— Task directions —
Images are to be left out when the records below are printed word for word.
___ Provided data
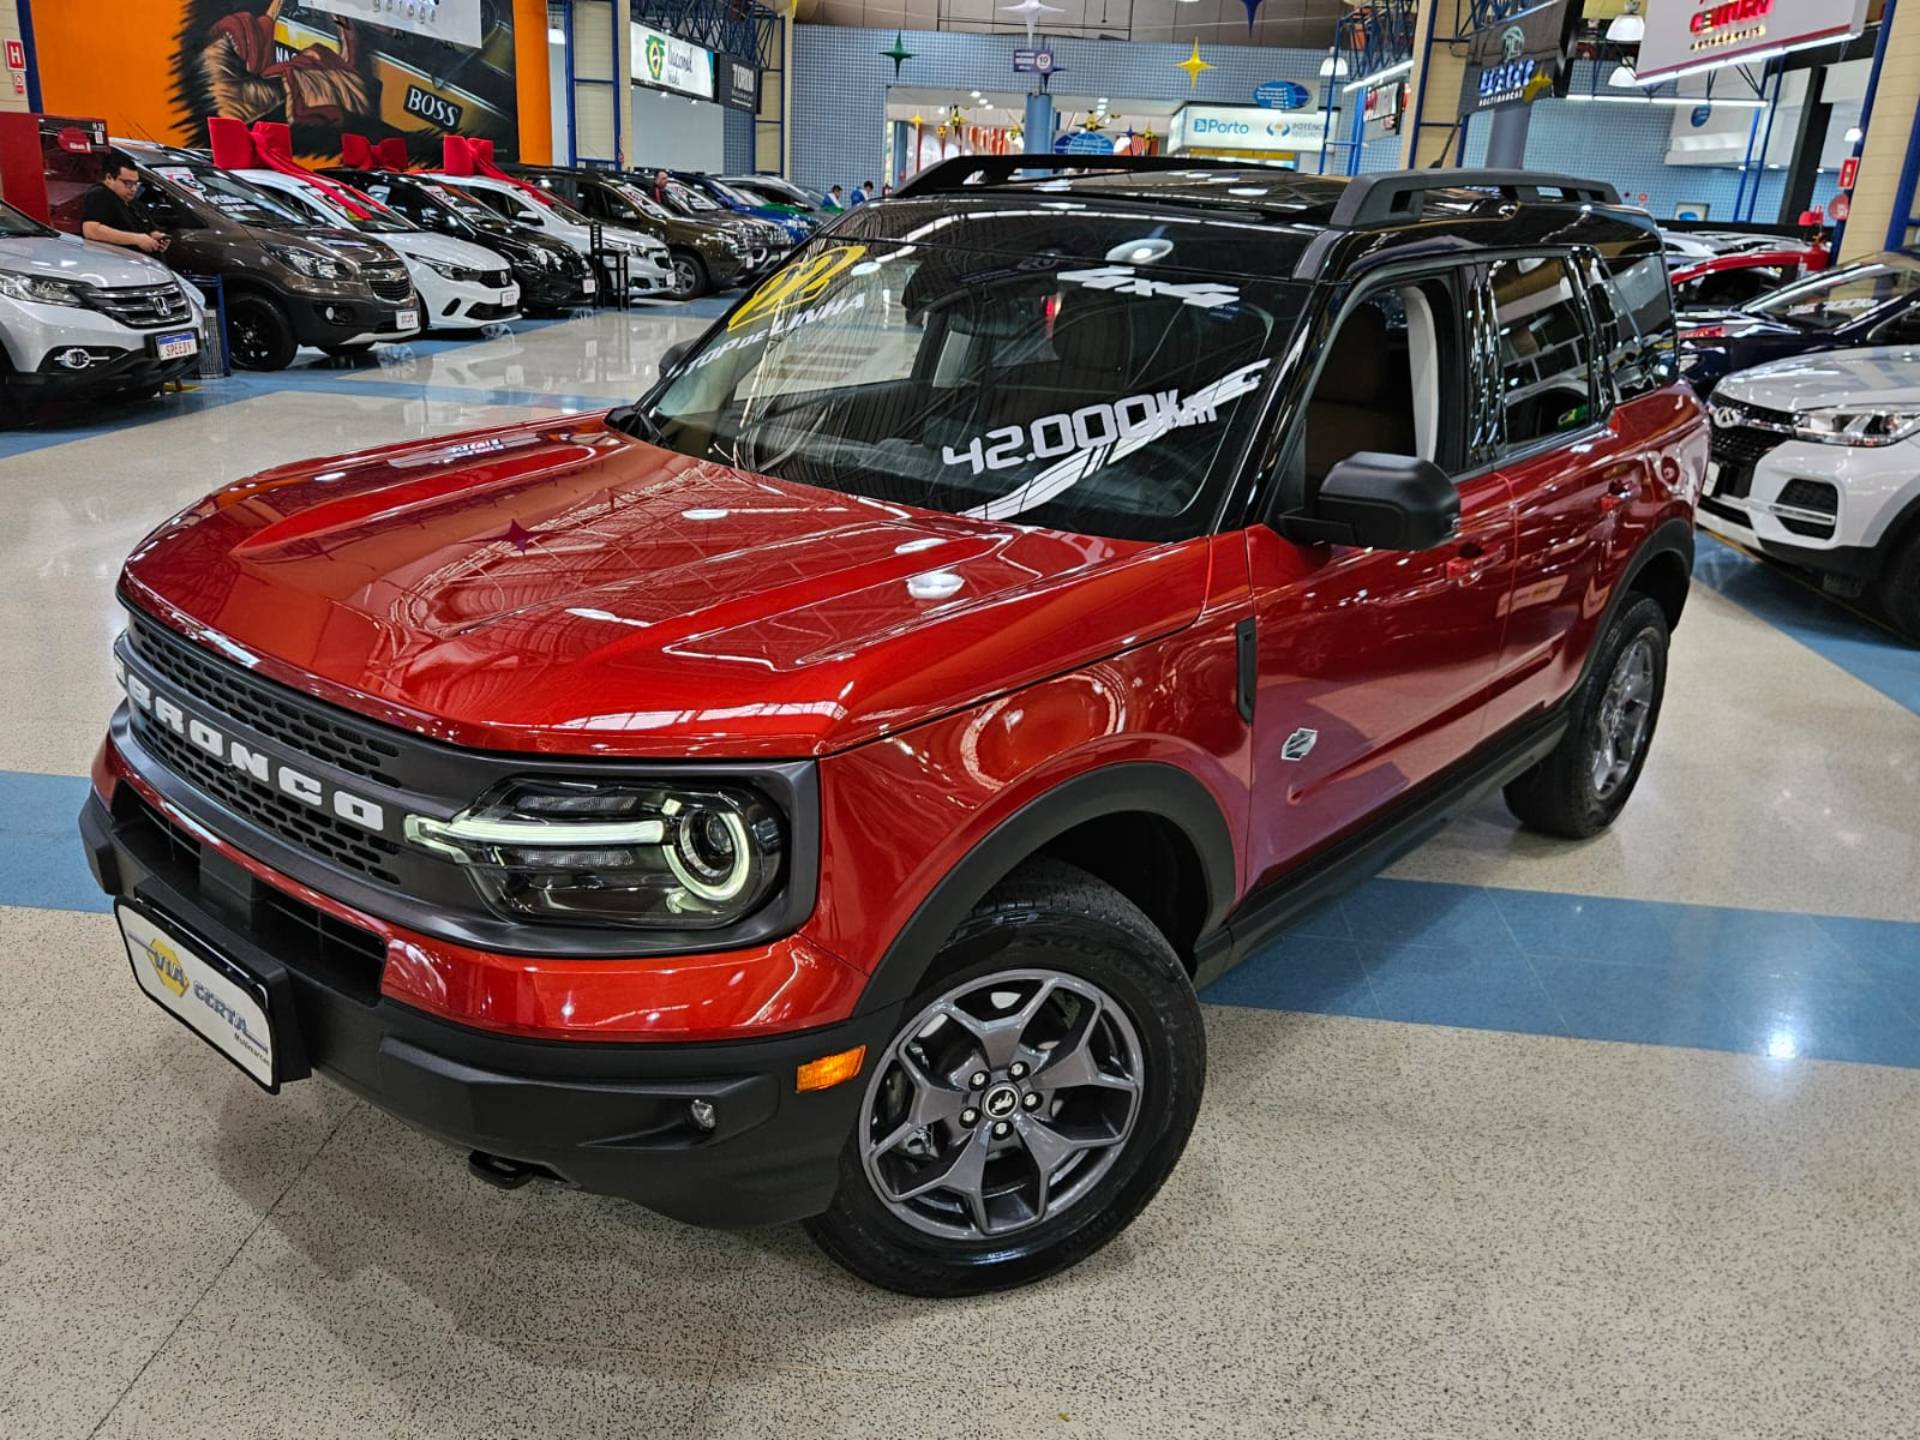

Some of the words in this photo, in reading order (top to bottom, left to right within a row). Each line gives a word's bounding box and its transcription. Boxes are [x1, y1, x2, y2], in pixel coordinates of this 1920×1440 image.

[407, 87, 459, 127] BOSS
[1208, 118, 1249, 134] Porto
[737, 328, 769, 349] DE
[770, 292, 866, 337] LINHA
[127, 673, 384, 831] BRONCO
[154, 951, 185, 987] VIA
[193, 979, 249, 1035] CERTA
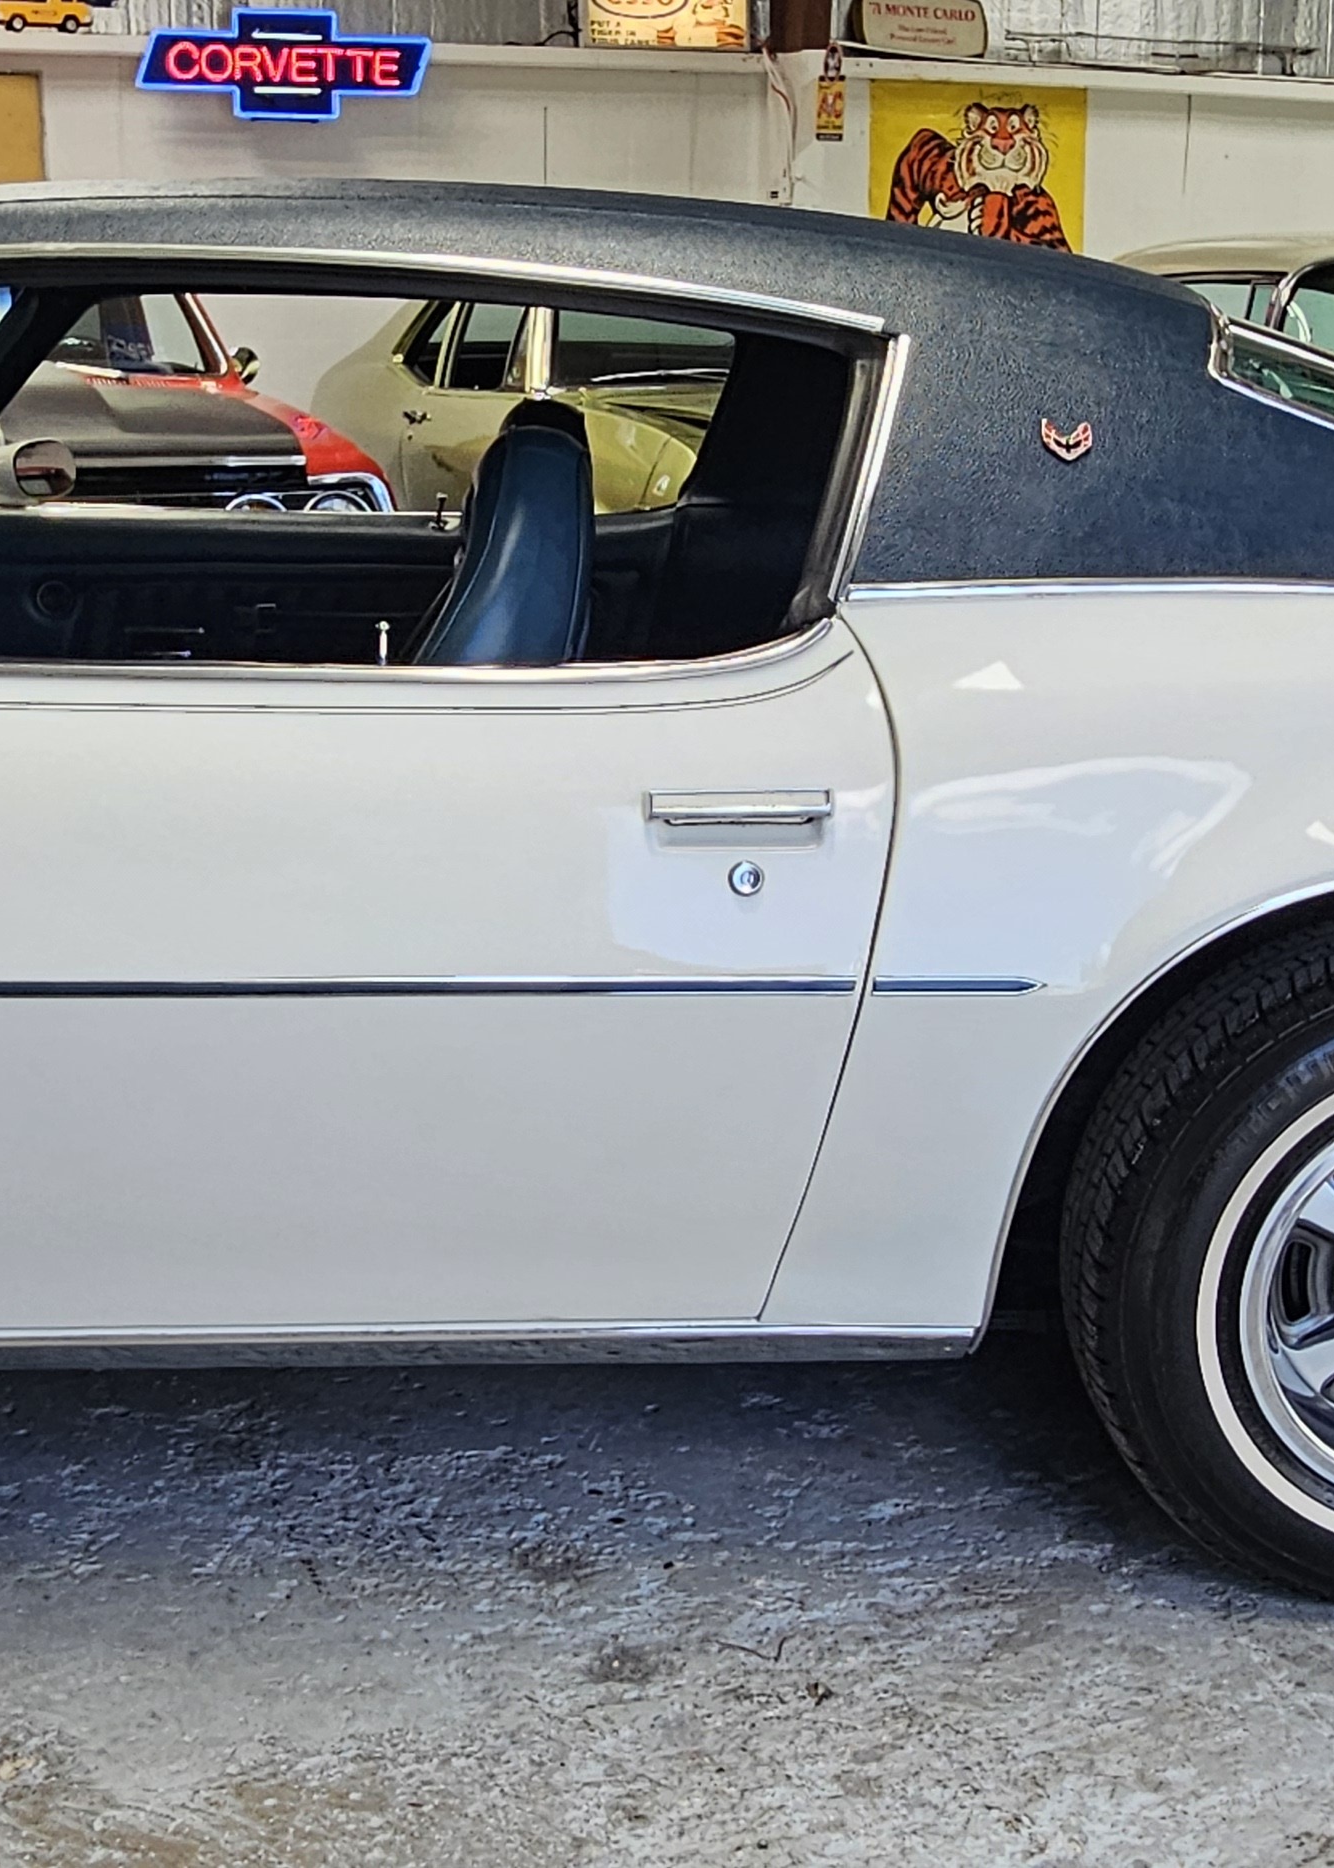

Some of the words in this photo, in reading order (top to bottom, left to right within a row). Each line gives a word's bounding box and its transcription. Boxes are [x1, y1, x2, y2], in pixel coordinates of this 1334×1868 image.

[885, 3, 929, 19] MONTE
[933, 7, 976, 23] CARLO
[166, 40, 402, 86] CORVETTE
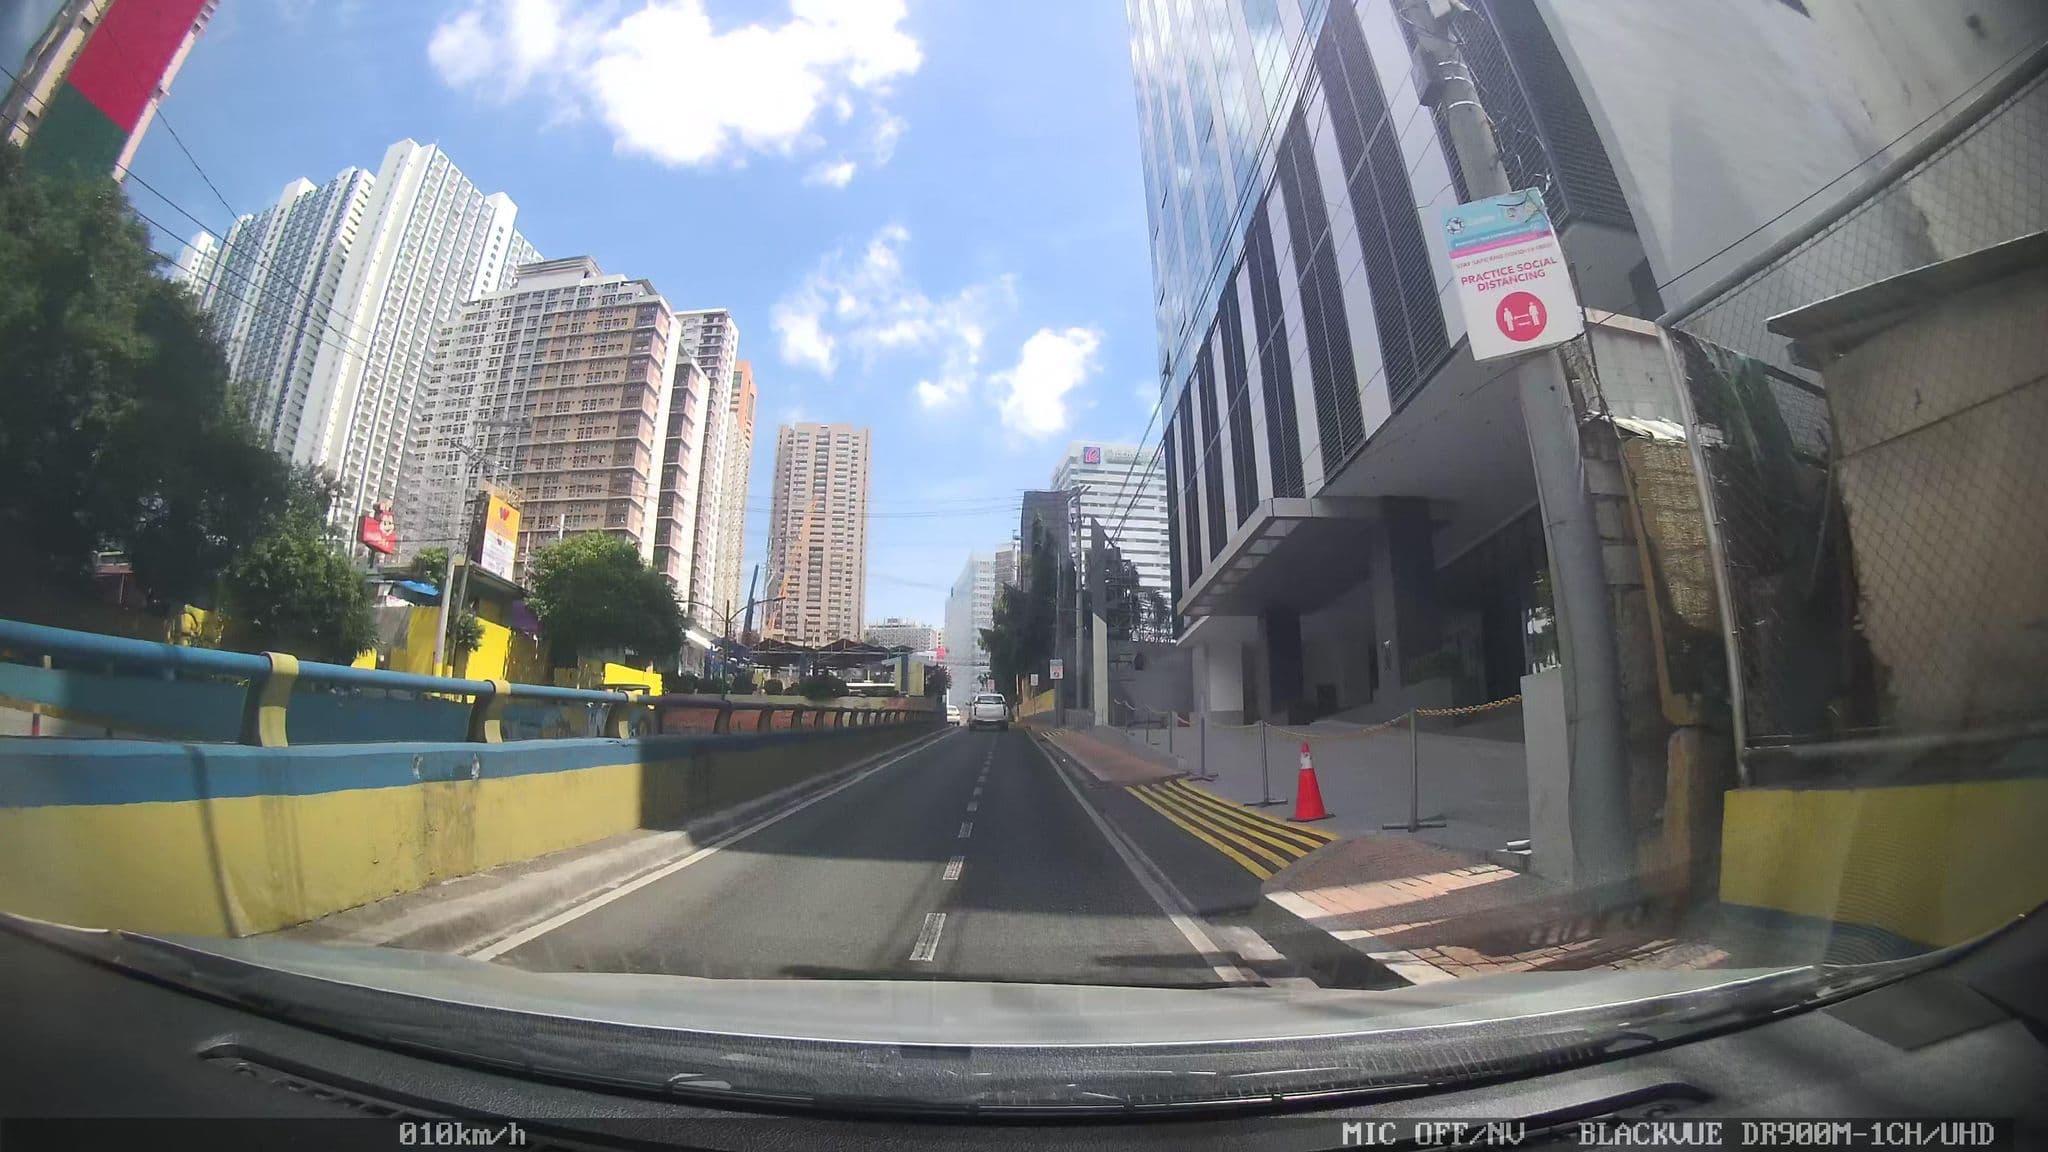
______
— Completed exercise —
Some of the words in this photo, in reading order (top to bottom, left to right within a row). Each line gives a word's bounding box and its transcription. Boxes are [x1, y1, x2, y2], in pixel coordinates of this 1920×1440 image.

[407, 87, 459, 127] BOSS
[1208, 118, 1249, 134] Porto
[737, 328, 769, 349] DE
[770, 292, 866, 337] LINHA
[127, 673, 384, 831] BRONCO
[154, 951, 185, 987] VIA
[193, 979, 249, 1035] CERTA

Some of the words in this photo, in reading order (top to bottom, left to right within a row). Each line gives a word's bounding box and its transcription. Boxes are [x1, y1, x2, y2], in pixel coordinates of this 1334×1868 image.

[885, 3, 929, 19] MONTE
[933, 7, 976, 23] CARLO
[166, 40, 402, 86] CORVETTE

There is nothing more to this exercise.